Fuel or energy costs, maintenance, utilisation and driver behaviour often sit in separate systems. That makes it difficult to understand true cost per mile, especially when comparing EVs with ICE.
Tools to explore:
- Webfleet EV Transition Tool – scenario modelling and EV suitability
- Volteum EV TCO Calculator – detailed cost forecasting
- Geotab / Samsara – unify operational and vehicle data

3. Model charging as a mix, not a headline rate
Fleets rarely rely on a single charging type. The reality is a mix – depot, home and public – each with different costs. The blend of these determines actual cost per mile.
Rather than using a single p/kWh figure, model:
- where vehicles actually charge
- how often they rely on public infrastructure
- how behaviour and routing affect charging patterns
Tools to explore:
- Zapmap – real-world pricing and network visibility
- Paua – consolidated public charging costs
- Allstar – blended energy cost tracking
4. Use nearly-new EVs to reduce financial exposure
When confidence is low, reducing exposure is key.

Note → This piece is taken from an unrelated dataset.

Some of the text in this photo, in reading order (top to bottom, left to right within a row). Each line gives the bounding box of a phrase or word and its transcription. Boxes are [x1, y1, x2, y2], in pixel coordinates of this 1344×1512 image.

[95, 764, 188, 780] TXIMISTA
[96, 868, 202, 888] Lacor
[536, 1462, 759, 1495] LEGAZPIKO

Nearly-new EVs allow fleets to step in after the steepest depreciation, lowering monthly costs and limiting residual risk.
The growing supply of off-lease EVs is making this a viable strategy. Compiled with insight from Top Gear and AutoTrader, strong used EV options include:
- Nissan Leaf
- Kia e-Niro
- Hyundai Kona Electric
- Tesla Model 3

5. Use funding models to stabilise cost
How you fund vehicles is just as important as what you choose.

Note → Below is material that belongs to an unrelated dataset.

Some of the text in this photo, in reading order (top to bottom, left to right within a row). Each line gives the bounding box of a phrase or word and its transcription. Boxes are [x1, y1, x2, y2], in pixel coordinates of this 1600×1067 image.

Leasing and salary sacrifice models are increasingly being used to reduce upfront capital exposure, remove residual value risk and create predictable monthly costs.
Providers to explore:
6. Validate battery risk with real data
Modern EVs typically retain the vast majority of their range over time, with failure rates extremely low. The issue isn’t performance, it’s confidence.
Fleets can reduce that uncertainty by checking battery health reports, validating warranty coverage and using real-world performance data.
Tools and services to explore:
- Cox Automotive – diagnostics and lifecycle support
- ClearWatt – battery health checker

7. Run controlled EV trials before scaling
Many fleets are avoiding large upfront commitments and testing first. Trials focused on predictable routes allow operators to measure:
- real-world energy cost
- operational fit
- driver experience
Where to start:
- Octopus Electric Vehicles – EV trials and onboarding support
-
Gridserve – infrastructure-backed pilots
8. TCO isn’t all about the car
While this edition focuses on EV costs, a large part of total cost sits elsewhere. Driver behaviour directly affects energy use, tyre wear and maintenance. Even with the right vehicle, inefficient driving can erode expected savings.
Tools to explore:
- Lightfoot – in-cab feedback and gamification
- Webfleet – performance tracking and coaching
- Samsara – real-time driver insights
The key point: EV cost is only one part of TCO. Ongoing operational control is what determines whether savings are actually delivered.